BMC Genomics (Mar 2007)
Identification of plant promoter constituents by analysis of local distribution of short sequences
Abstract
Abstract Background Plant promoter architecture is important for understanding regulation and evolution of the promoters, but our current knowledge about plant promoter structure, especially with respect to the core promoter, is insufficient. Several promoter elements including TATA box, and several types of transcriptional regulatory elements have been found to show local distribution within promoters, and this feature has been successfully utilized for extraction of promoter constituents from human genome. Results LDSS (Local Distribution of Short Sequences) profiles of short sequences along the plant promoter have been analyzed in silico, and hundreds of hexamer and octamer sequences have been identified as having localized distributions within promoters of Arabidopsis thaliana and rice. Based on their localization patterns, the identified sequences could be classified into three groups, pyrimidine patch (Y Patch), TATA box, and REG (Regulatory Element Group). Sequences of the TATA box group are consistent with the ones reported in previous studies. The REG group includes more than 200 sequences, and half of them correspond to known cis-elements.
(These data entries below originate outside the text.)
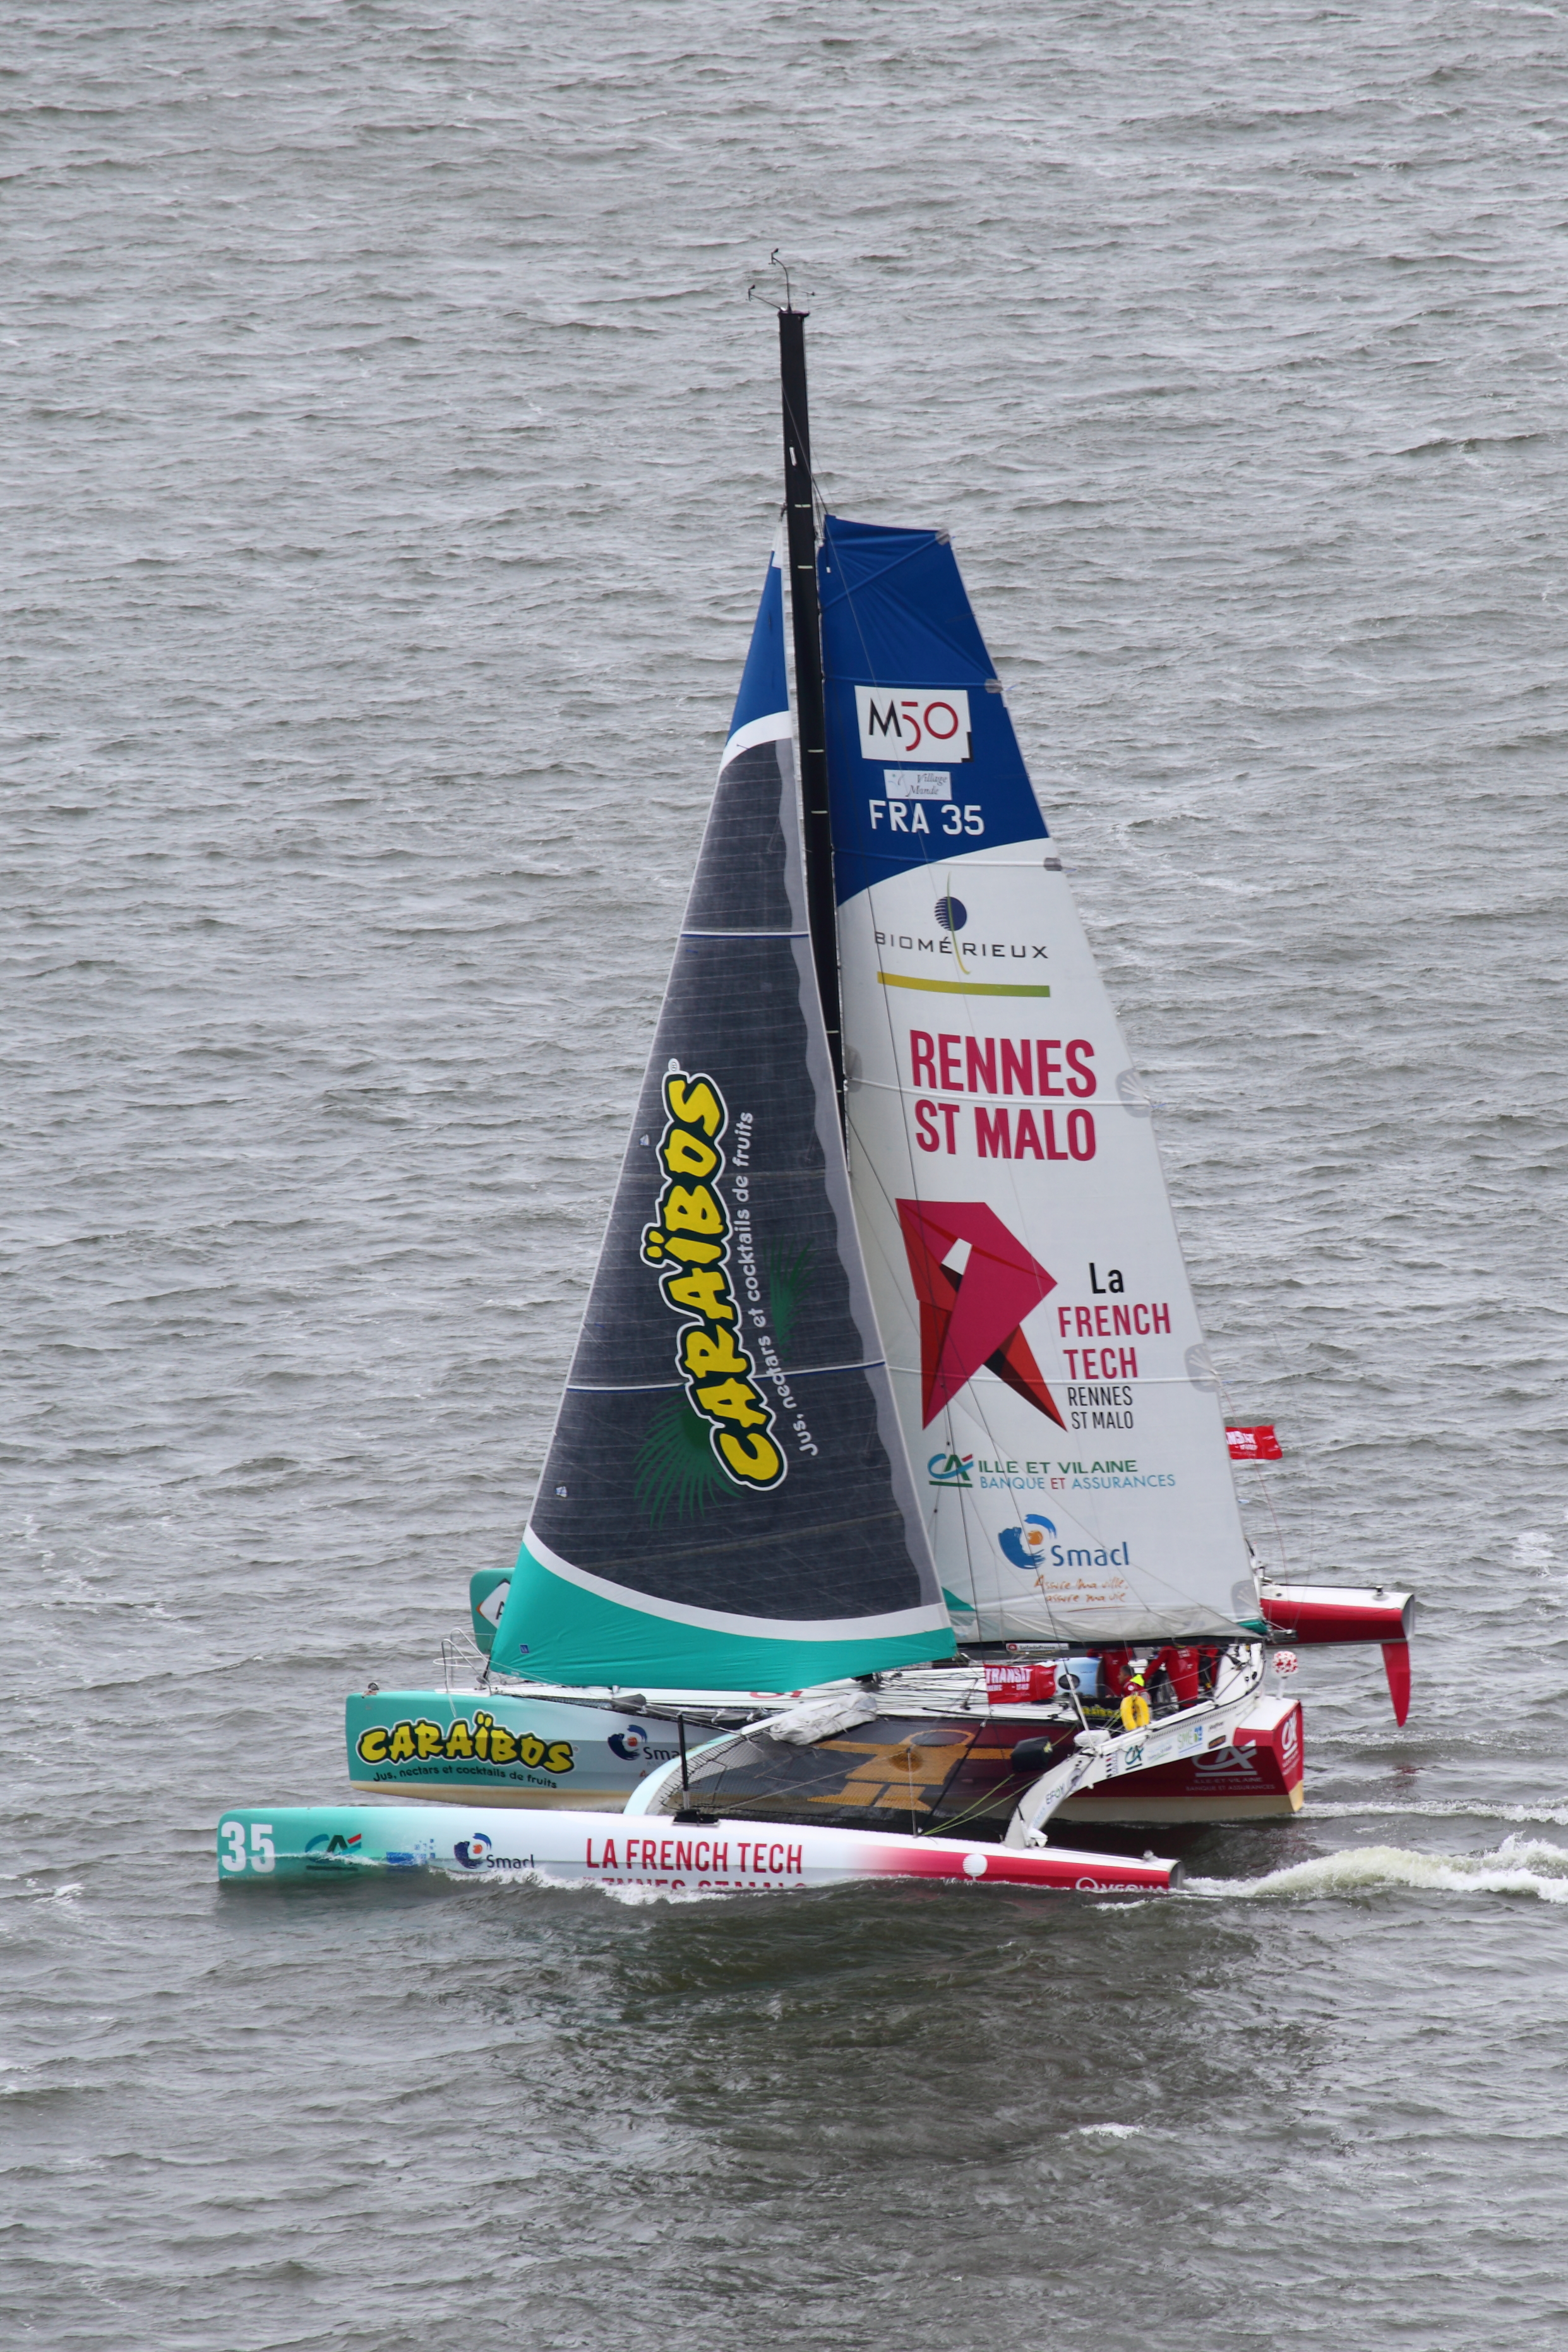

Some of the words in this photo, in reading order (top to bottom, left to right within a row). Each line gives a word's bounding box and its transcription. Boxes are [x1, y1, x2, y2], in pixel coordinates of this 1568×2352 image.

[868, 698, 959, 752] M50
[917, 773, 947, 786] Village
[869, 799, 930, 834] FRA
[941, 804, 984, 836] 35
[875, 931, 1049, 959] BIOMÉRIEUX
[909, 1029, 1097, 1098] RENNES
[732, 1112, 753, 1167] fruits
[914, 1099, 961, 1155] ST
[974, 1106, 1097, 1161] MALO
[732, 1175, 749, 1203] de
[734, 1209, 762, 1302] cocktails
[642, 1074, 786, 1487] CARAÏBOS
[1089, 1263, 1125, 1295] La
[748, 1309, 767, 1328] et
[1057, 1303, 1171, 1338] FRENCH
[758, 1335, 798, 1409] nectars
[1063, 1347, 1139, 1380] TECH
[1067, 1386, 1133, 1407] RENNES
[793, 1413, 818, 1456] Jus,
[1071, 1411, 1090, 1429] ST
[1092, 1411, 1134, 1430] MALO
[978, 1460, 1019, 1473] ILLE
[1026, 1461, 1051, 1474] ET
[1057, 1460, 1138, 1474] VILAINE
[980, 1476, 1045, 1490] BANQUE
[1050, 1477, 1066, 1490] ET
[1072, 1474, 1176, 1490] ASSURANCES
[1051, 1541, 1129, 1566] Smacl
[357, 1710, 575, 1773] CARAÏBOS
[373, 1772, 397, 1782] Jus,
[399, 1766, 440, 1777] nectars
[443, 1765, 453, 1774] et
[456, 1766, 506, 1778] cocktails
[509, 1771, 524, 1781] de
[527, 1775, 557, 1789] fruits
[221, 1821, 275, 1873] 35
[586, 1839, 618, 1869] LA
[626, 1839, 728, 1871] FRENCH
[738, 1842, 803, 1874] TECH
The other REG subgroups, together with about a hundred uncategorized sequences, are suggested to be novel cis-regulatory elements. Comparison of LDSS-positive sequences between Arabidopsis and rice has revealed moderate conservation of elements and common promoter architecture. In addition, a dimer motif named the YR Rule (C/T A/G) has been identified at the transcription start site (-1/+1). This rule also fits both Arabidopsis and rice promoters. Conclusion LDSS was successfully applied to plant genomes and hundreds of putative promoter elements have been extracted as LDSS-positive octamers. Identified promoter architecture of monocot and dicot are well conserved, but there are moderate variations in the utilized sequences.